House Passes Emergency Medical Services for Children Legislation
U.S. Senator Orrin Hatch and Congressman Jim Matheson announced Tuesday that legislation they introduced to reauthorize the Emergency Medical Services for Children, or EMSC, program has passed the House of Representatives by a vote of 405-4. The legislation is now ready for signature by President Obama after passing the Senate last week and the House Tuesday.
The legislation has made great strides to make sure that the entire spectrum of emergency medical services, or EMS, can be provided to children and adolescents no matter where they live, attend school, or travel. The program is in its 30th year and is the only Federal program dedicated to improving emergency medical care for children.
Two key components of EMSC are housed at the University of Utah – the National EMSC Data Analysis Resource Center, which improves the quality of care in State EMS systems; and the Central Data Management and Coordinating Center for the Pediatric Emergency Care Applied Research Network, a network of pediatric researchers from around the country.
Children present unique medical challenges and require specialized care, and the EMSC program continues to give medical personnel many of the tools they need to treat some of our country’s most vulnerable patients. I’ve been proud to support the EMSC program over the past 30 years and work with Sen. Casey in the Senate, Congressman Matheson in the House, and many of our colleagues on both sides of the aisle to make it the widespread success it is today.
I am proud that our commonsense legislation, which improves medical care for children across our country, passed with overwhelming bipartisan support. We all agree that keeping our kids safe, and making sure that they are well cared for, both routinely and in times of crisis, is a top priority.
Pediatric patients have important physical, developmental, and mental differences from adults. From smaller-sized medical equipment to different dosage requirements for medicine, the EMSC program helps medical professionals meet the unique needs of pediatric patients and provide state of the art emergency medical care for ill and injured children and adolescents. Since the program was created in 1984, pediatric injury-related death rates have been reduced by more than 40 percent.
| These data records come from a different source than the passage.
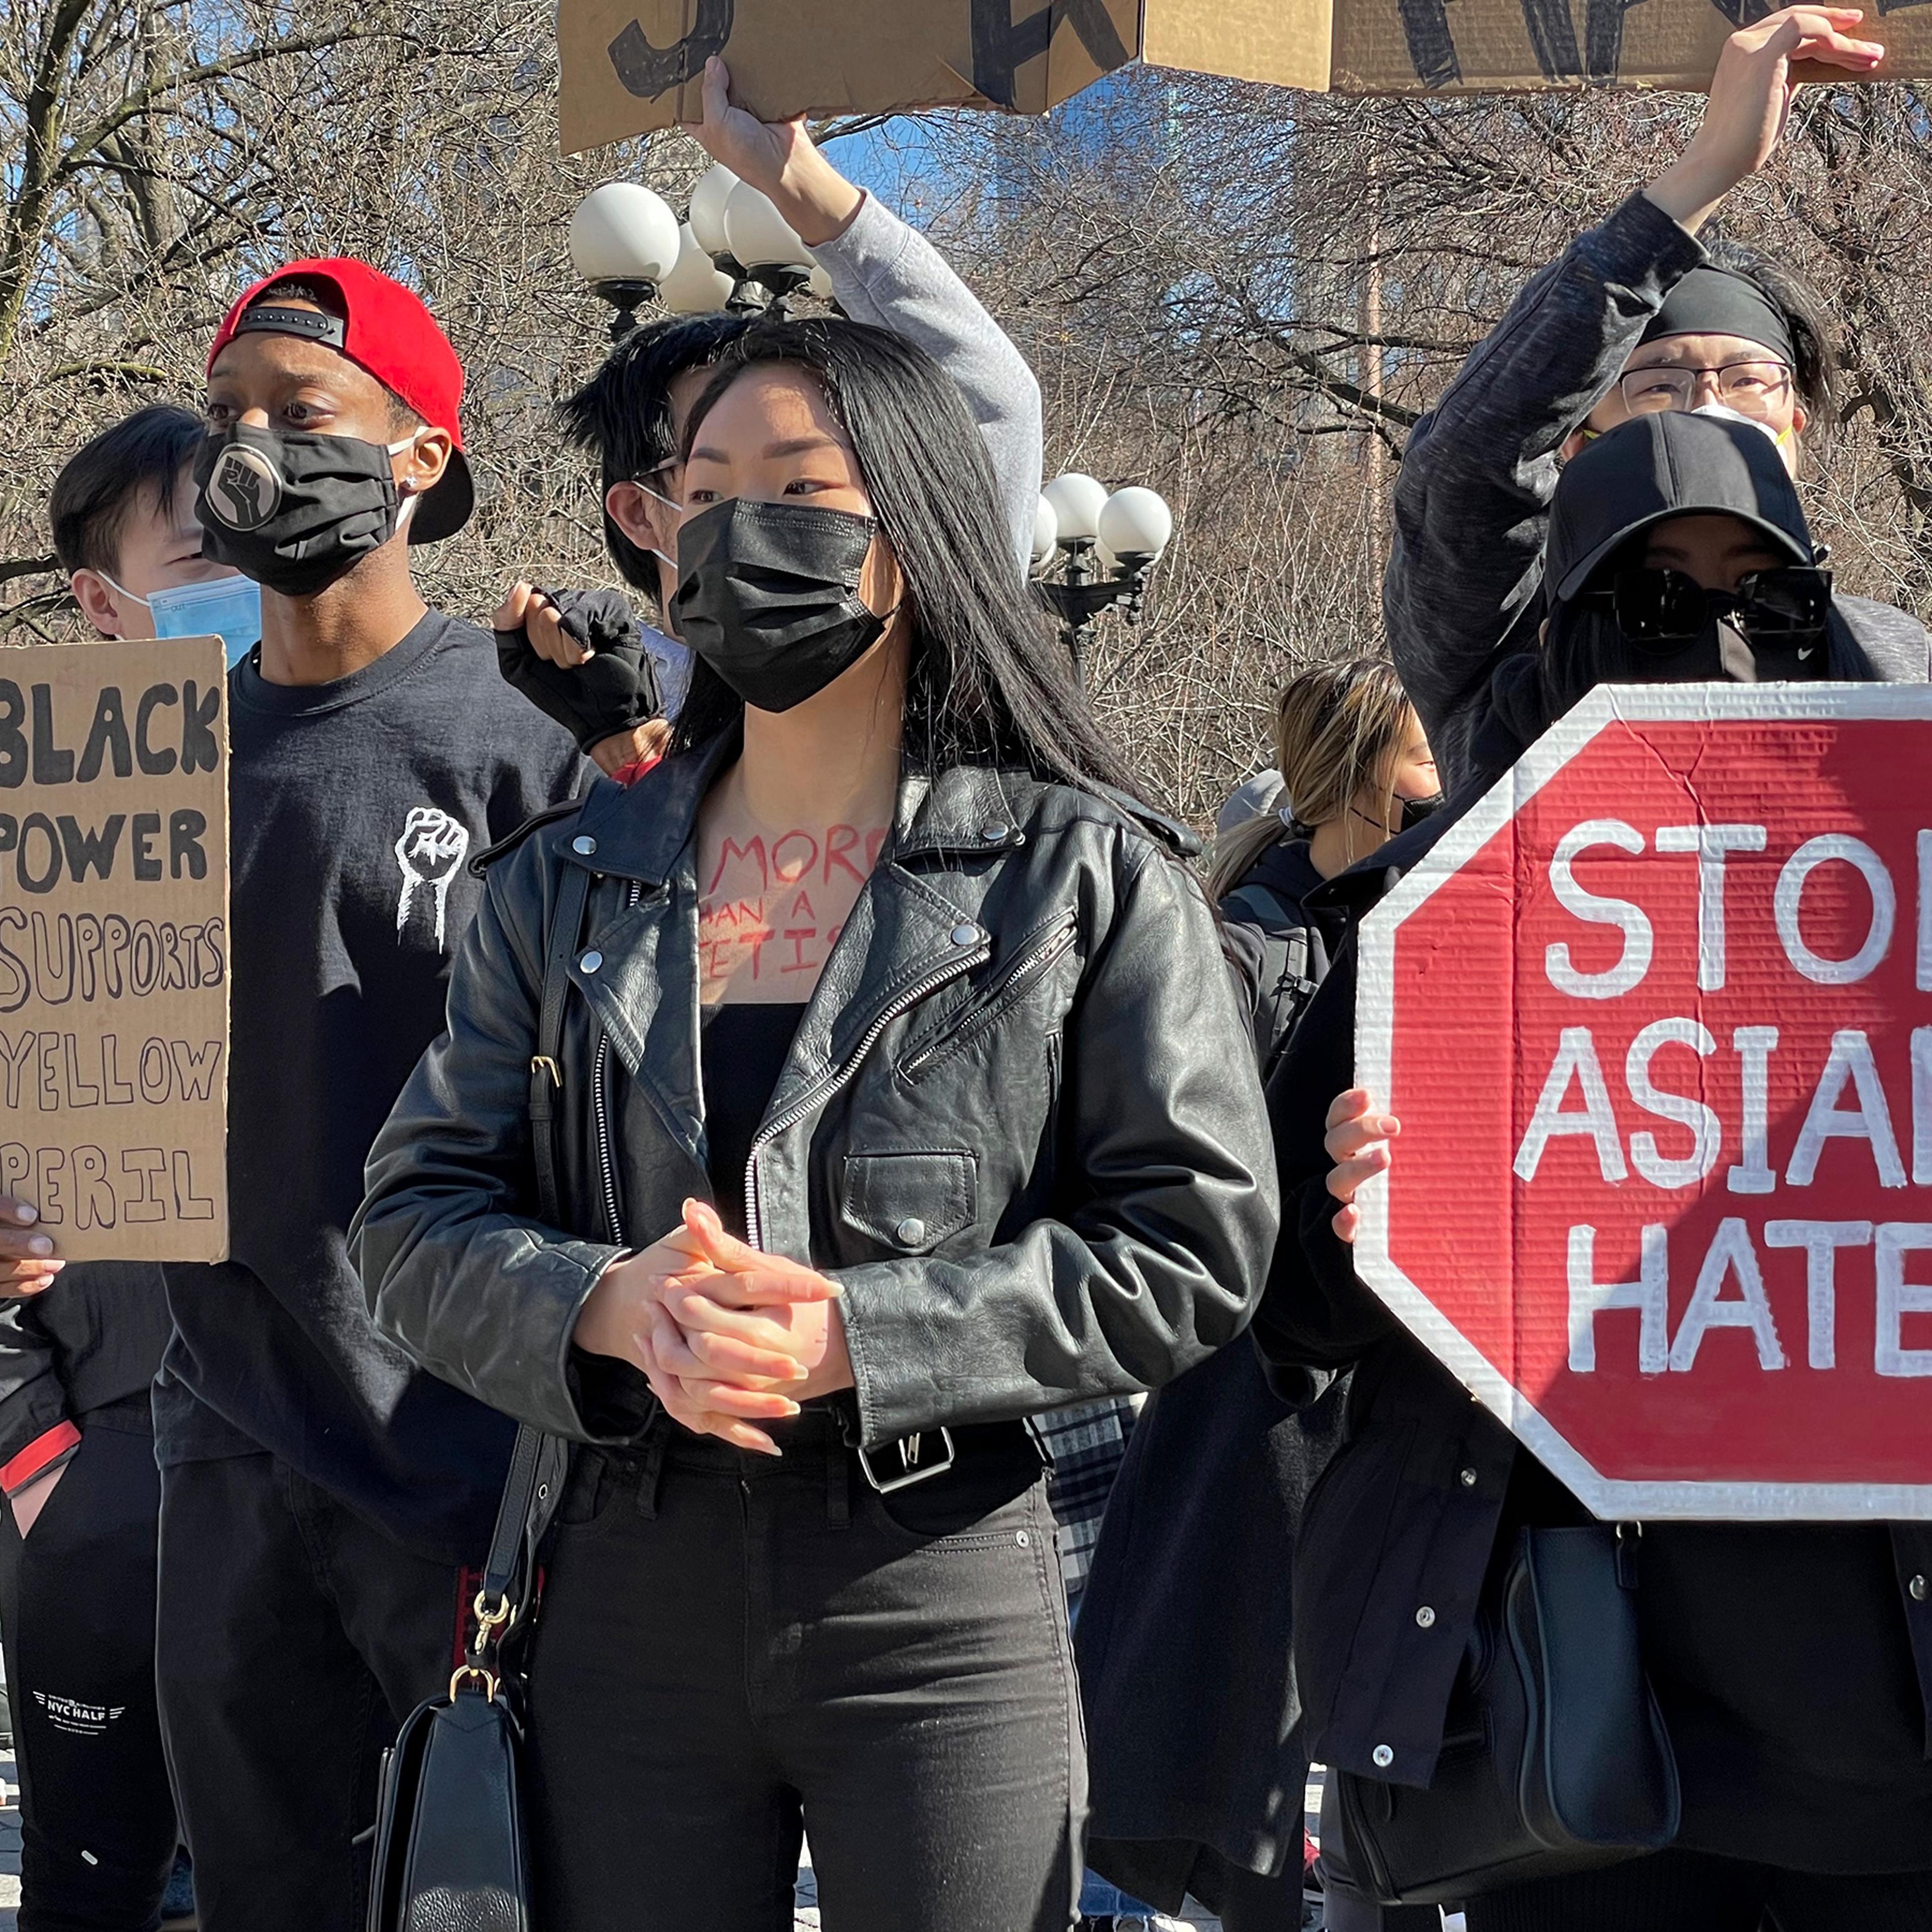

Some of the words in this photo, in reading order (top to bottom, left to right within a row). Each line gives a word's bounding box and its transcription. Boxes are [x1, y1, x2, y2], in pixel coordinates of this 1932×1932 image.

[0, 679, 220, 789] BLACK
[791, 890, 816, 921] A
[1545, 818, 1932, 1000] STO
[0, 906, 224, 1013] SUPPORTS
[0, 1030, 222, 1111] YELLOW
[0, 1142, 214, 1230] PERIL
[48, 1700, 70, 1716] NYC
[72, 1708, 105, 1721] HALF
There are approximately 26,000,000 child and adolescent visits to the Nation’s emergency departments each year. Approximately 90 percent of children requiring emergency care are seen in general hospitals, not in free standing children’s hospitals, with one-quarter to one-third of the patients being seen in hospitals with no separate pediatric ward.
EMSC Program Components
•State Partnership Grants provide states with resources to conduct assessments of their EMSC capabilities; identify gaps; and establish appropriate standards, training and resources to ensure appropriate emergency care is available to meet the needs of pediatric patients. All 50 states, the District of Columbia, and U.S. territories have received EMSC funding under this grant program.
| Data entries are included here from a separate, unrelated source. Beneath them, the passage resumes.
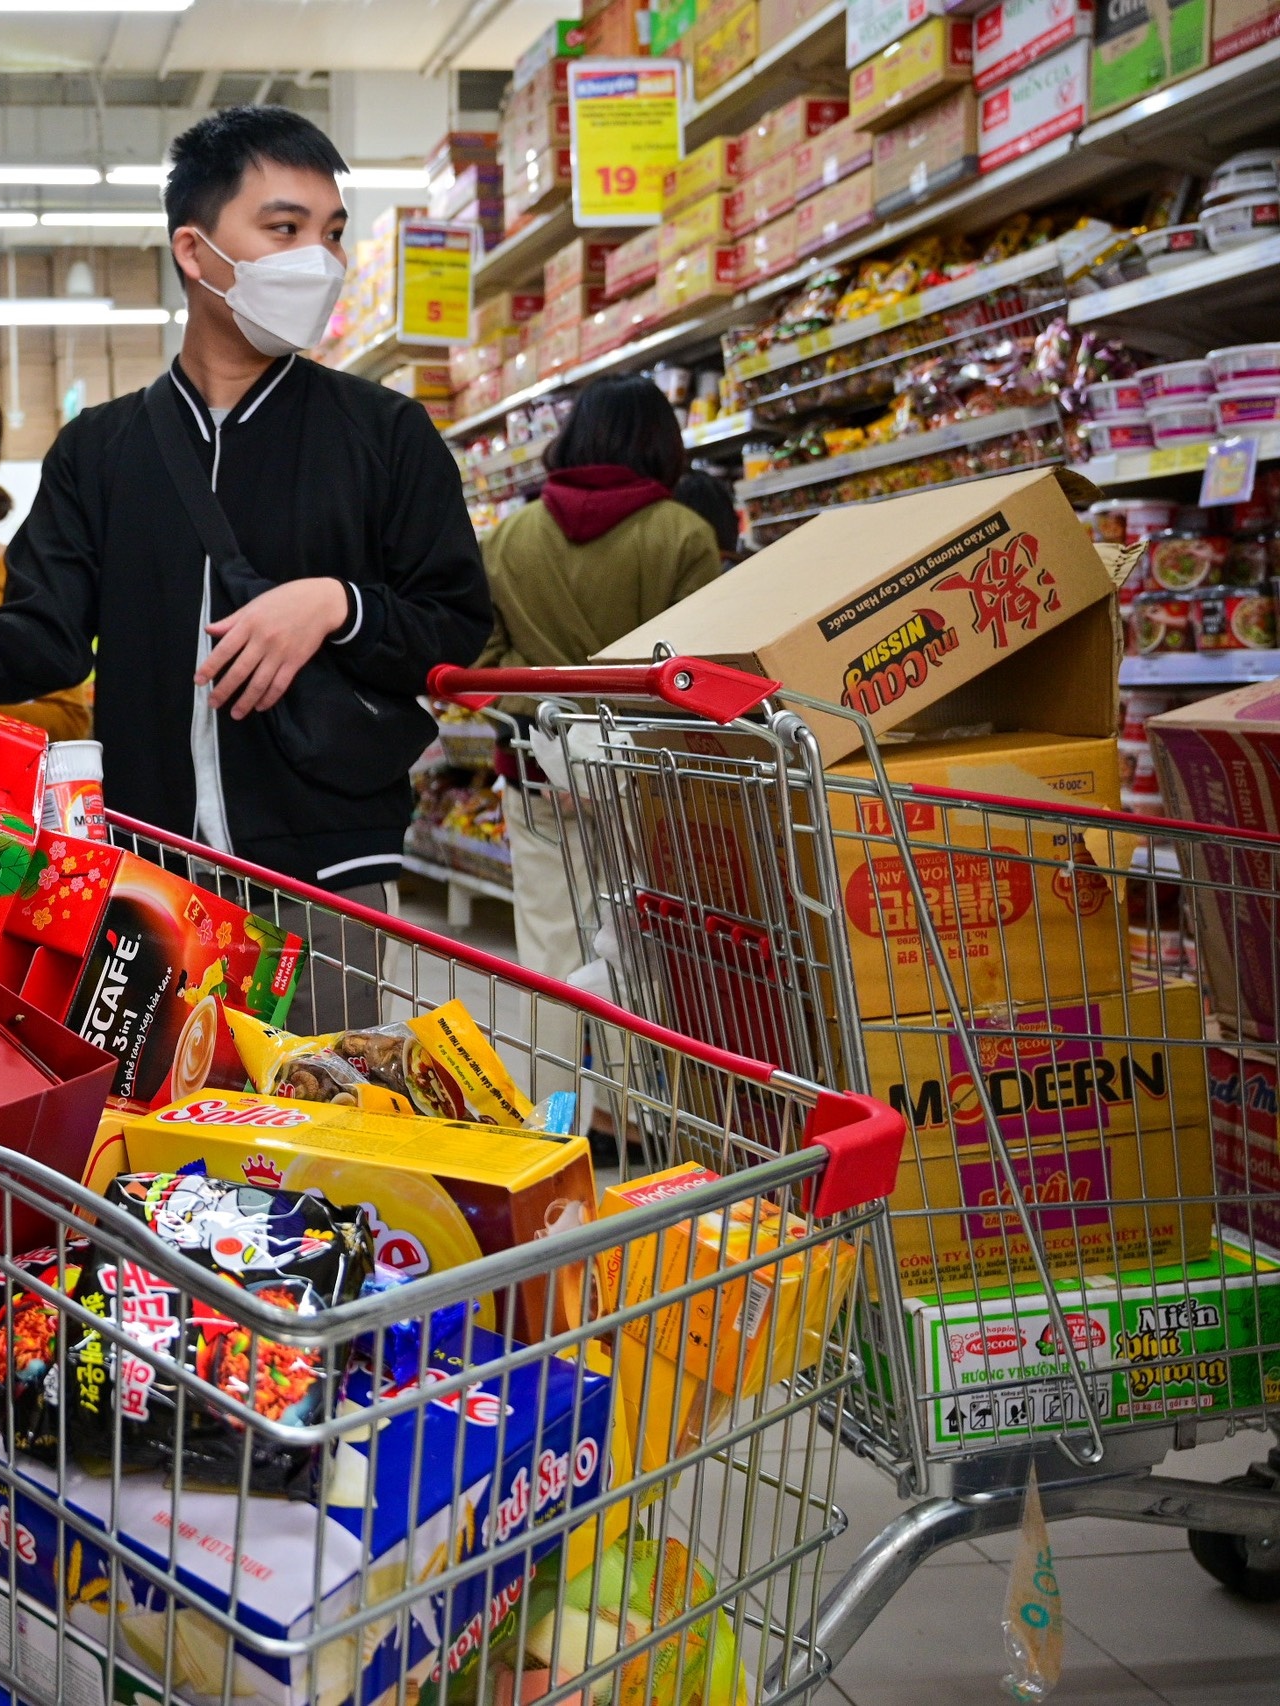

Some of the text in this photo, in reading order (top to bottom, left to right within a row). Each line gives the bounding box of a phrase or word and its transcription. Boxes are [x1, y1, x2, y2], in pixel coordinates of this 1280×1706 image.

[596, 166, 637, 195] 19
[826, 520, 1001, 631] Mì Xào Hương Vị Gà Cay Hàn Quốc
[861, 615, 926, 672] NISSIN
[841, 650, 929, 717] cay
[911, 808, 924, 824] 7
[189, 903, 201, 921] LỘC
[285, 956, 295, 974] HÒA
[82, 928, 140, 1050] SCAFÉ
[146, 993, 161, 1013] hòa
[139, 1011, 155, 1033] xay
[130, 1034, 146, 1059] rang
[448, 1034, 461, 1048] THU
[124, 1060, 136, 1081] phê
[469, 1059, 484, 1077] THỰC
[121, 1081, 132, 1097] Cà
[479, 1075, 493, 1090] SẢN
[888, 1052, 1166, 1127] MODERN
[157, 1100, 312, 1128] Solite
[942, 1251, 962, 1262] TY
•Targeted Issue Grants are awarded to eligible applicants to help address issues of national significance that extend beyond State boundaries. Typically, these grants result in new products or resources, or show the feasibility of new methods, policies, or practices.
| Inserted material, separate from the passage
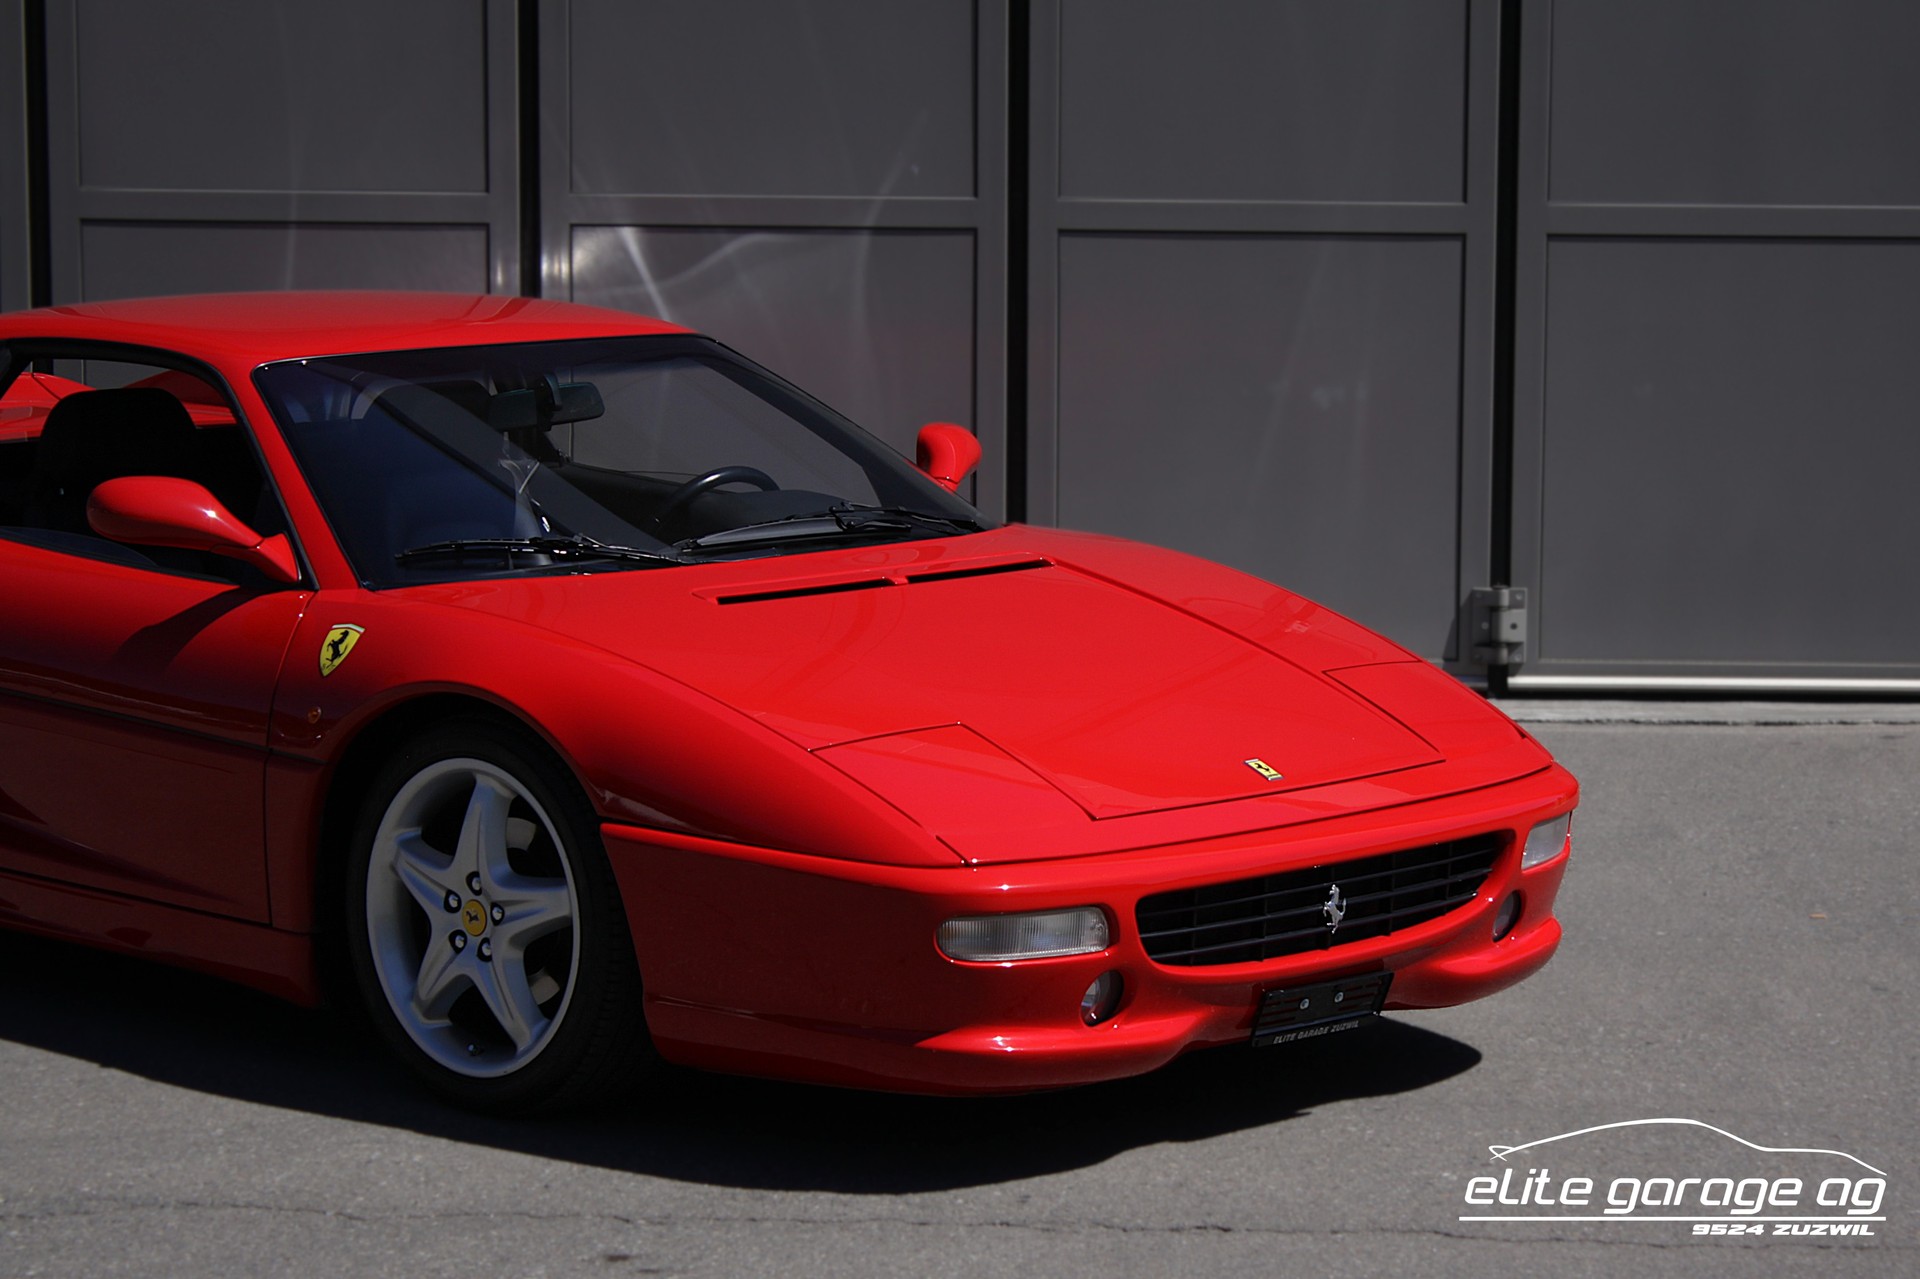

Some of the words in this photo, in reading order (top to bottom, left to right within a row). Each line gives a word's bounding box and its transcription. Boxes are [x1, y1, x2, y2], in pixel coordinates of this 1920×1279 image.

[1273, 1032, 1297, 1044] ELITE
[1297, 1026, 1330, 1040] GARAGE
[1330, 1020, 1359, 1032] ZUZWIL
•The Pediatric Emergency Care Applied Research Network is a research infrastructure that facilitates the collaboration of pediatric researchers across the nation in order to perform statistically-valid pediatric emergency research with national utility and application.
•State Partnership Regionalization of Care grants establish agreements and ultimately implement a regionalized healthcare delivery system to get the right resources to the right patient at the right time.
•The National Resource Center, at Children’s National Medical Center, maintains the EMSC Program’s professional partnerships with organizations such as the American Academy of Pediatrics, the American Academy of Family Physicians, the American College of Emergency Physicians, and other related professional organizations. The National Resource Center also helps to disseminate information and supports a special collaboration with the Family Advisory Network.
•The National EMS for Children Data Analysis Resource Center assists grantees in data collection, analysis and dissemination.
•The National Pediatric Readiness Project is an initiative that measures emergency department pediatric readiness, works to build awareness of national pediatric guidelines on emergency care, and works to improve/increase pediatric competency and capacity within individual hospitals.